Leituras

Férias terminando e leituras em andamento e contando…Mas nada de não-ficção, pois a vida é curta.

Terminei, ainda vindo de 2014, “Por um outro amor” de Knausgard. Espero agora ansioso o terceiro volume da trilogia para continuar a leitura em português, mas se demorar muito a sair, vou para o inglês. Gosto muito do texto e da crua sinceridade do autor.
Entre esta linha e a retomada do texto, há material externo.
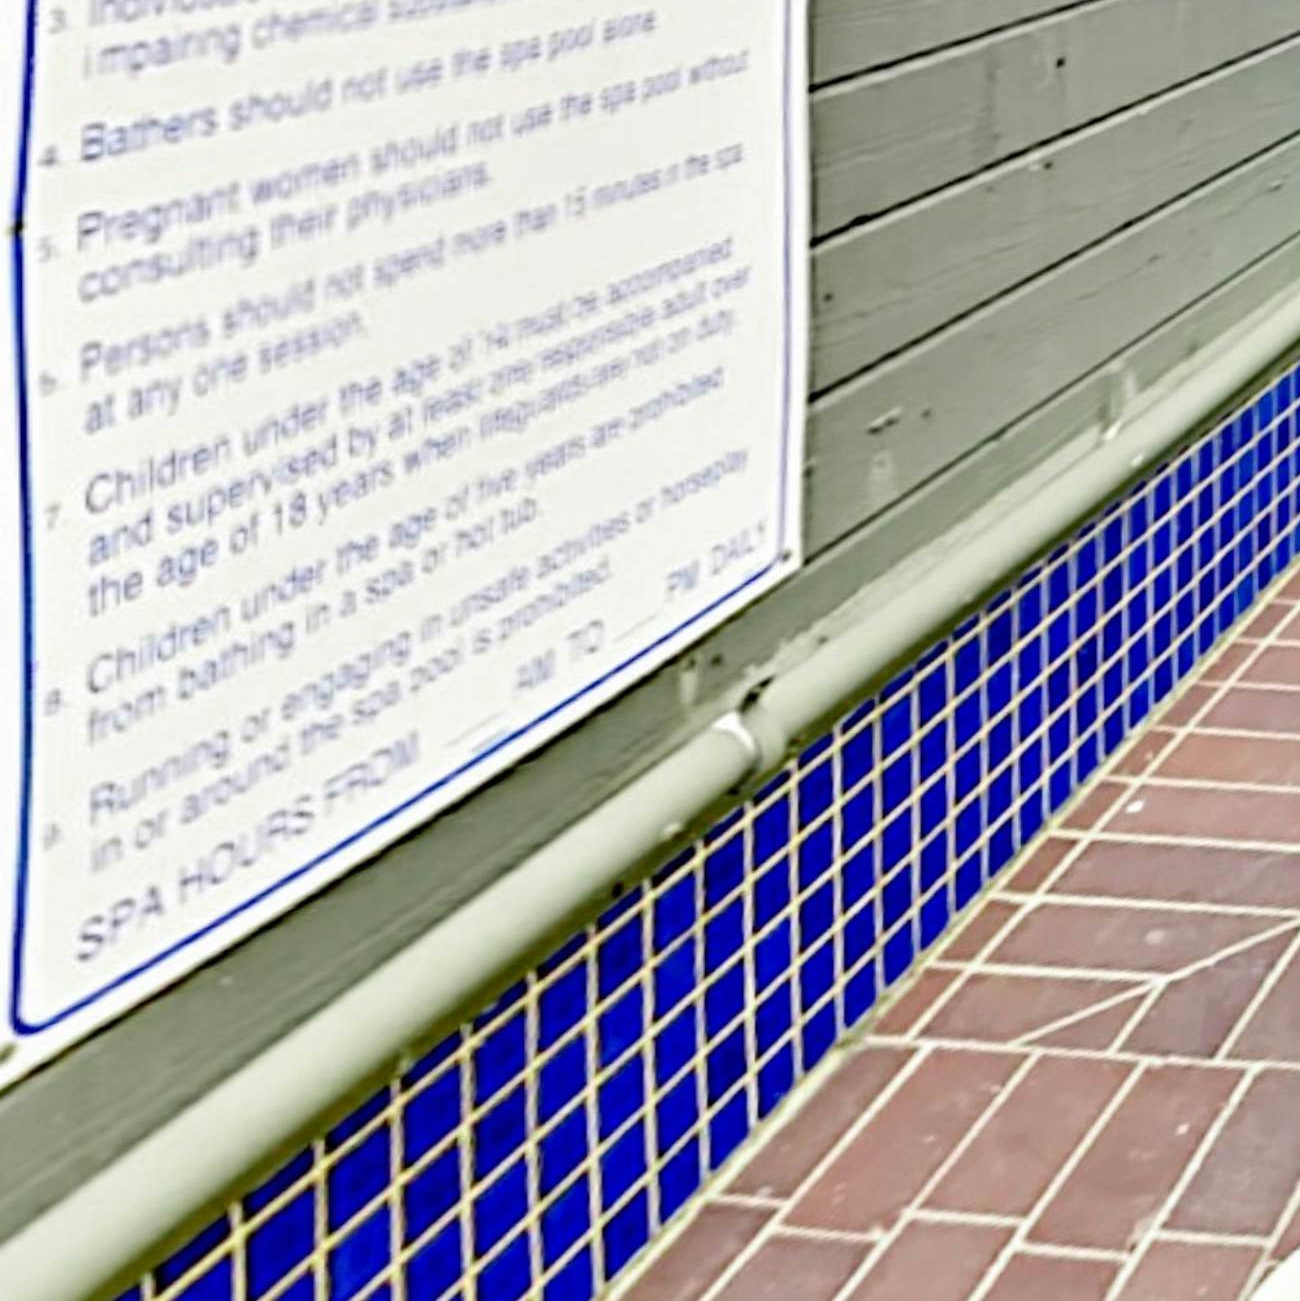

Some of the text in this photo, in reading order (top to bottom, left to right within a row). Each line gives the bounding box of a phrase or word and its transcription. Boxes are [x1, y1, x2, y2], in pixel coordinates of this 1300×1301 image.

[76, 67, 683, 253] Pregnant women should not use the spa pool
[80, 105, 219, 164] Bathers
[228, 75, 334, 132] should
[341, 67, 389, 102] not
[395, 57, 443, 91] use
[452, 47, 491, 77] the
[498, 35, 542, 71] spa
[547, 19, 596, 62] pool
[79, 204, 339, 303] consulting their
[79, 318, 210, 383] Persons
[223, 277, 316, 339] should
[325, 264, 365, 300] not
[373, 235, 444, 290] spend
[452, 217, 507, 255] more
[513, 201, 557, 238] than
[83, 353, 249, 437] at any one
[83, 337, 473, 516] Children under the age of
[88, 509, 156, 568] and
[166, 433, 338, 534] supervised
[348, 422, 379, 460] by
[387, 404, 413, 442] at
[423, 379, 484, 422] least
[87, 426, 471, 618] the age of 18 years when
[87, 605, 231, 695] Children
[242, 558, 327, 621] under
[336, 533, 379, 575] the
[387, 506, 436, 551] age
[444, 483, 469, 521] of
[87, 518, 495, 745] from bathing in a spa or hot
[75, 885, 165, 963] SPA
[178, 793, 317, 901] HOURS
[323, 728, 418, 811] FROM
[514, 647, 556, 693] AM
[565, 618, 605, 655] TO
[664, 557, 700, 599] PM
[88, 727, 232, 827] Running
[239, 706, 273, 743] or
[280, 627, 412, 722] engaging
[88, 835, 124, 873] in
[134, 809, 171, 850] or
[179, 734, 292, 825] around
[298, 712, 345, 757] the
[350, 678, 402, 727] spa
[409, 647, 464, 693] pool
Comecei 2015 com vários e bons livros: Kundera (“A festa da insignificância”), Modiano (“Uma rua de Roma”), Murakami (“O incolor Tsukuru Tazaki…”, “Caçando Carneiro”, “A strange library”), McEwan (“A balada de Adam Henry”), Joyce (“Dubliners”). Todos finalizados. Estou terminando a leitura agora do Pamuk (“Museu da inocência”) e do Shteyngart (“Super sad true love story”). Todos excelentes e recomendo a leitura. Gosto particularmente do Murakami (mestre dos mundos paralelos), do McEwan (um livro forte e perturbador), do Pamuk (“Neve” é fantástico) e do Modiano (sempre buscando se encontrar). Kundera estaria no fim da fila dessa lista, mas a atmosfera parisiense do livro me traz sempre lembranças motivadoras, e ele é um bom narrador. O Shteyngart é divertido e veloz, mas preciso acabar a leitura para saber se gosto ou se é apenas interessante. Com exceção do Kundera, todos esses livros foram (ou estão) sendo lidos no Kindle.

Agora a tarde, depois de resolver um problema no SAC, passeando pela livraria do shopping, não resisti e comprei mais seis novos livros. Espero em breve (logo após finalizar esse post!) me lançar n'”A origem do mundo” de Jorge Edwards, nos “Acontecimentos na irrealidade imediata” de Max Blecher, no “Vermelho Amargo” de Bartolomeu Campos de Queiróz, no “Noturno Indiano”, de Antonio Tabucchi, na “Mudança” de Mo Yan e na “A vida privada das árvores”, de Alejandro Zambra. Farei um delicioso, espero, passeio pela literatura mundial (chilena, romena, mineira, italiana e chinesa). Mas agora, todos os livros são impressos.

Comprei todos impressos em uma promoção. Não pelo valor, já que se comprasse a versão e-book para Kindle de cada um deles sairia ainda mais barato. Resolvi equilibrar a leitura e voltar a ler em papel. Mas é incrível. Todos os livros têm versão para Kindle e todos são um pouco mais baratos do que os impressos em promoção (em promoção!). Se não estivessem em promoção, não compraria as versões impressas. A leitura no Kindle é muito confortável e, sendo mais barato, só o apego ao papel poderia fazer alguém evitar a compra digital. Não é o meu caso. Há uma crise e se o mercado editorial não ajustar os preços, vão perder a batalha e os impressos desaparecerão.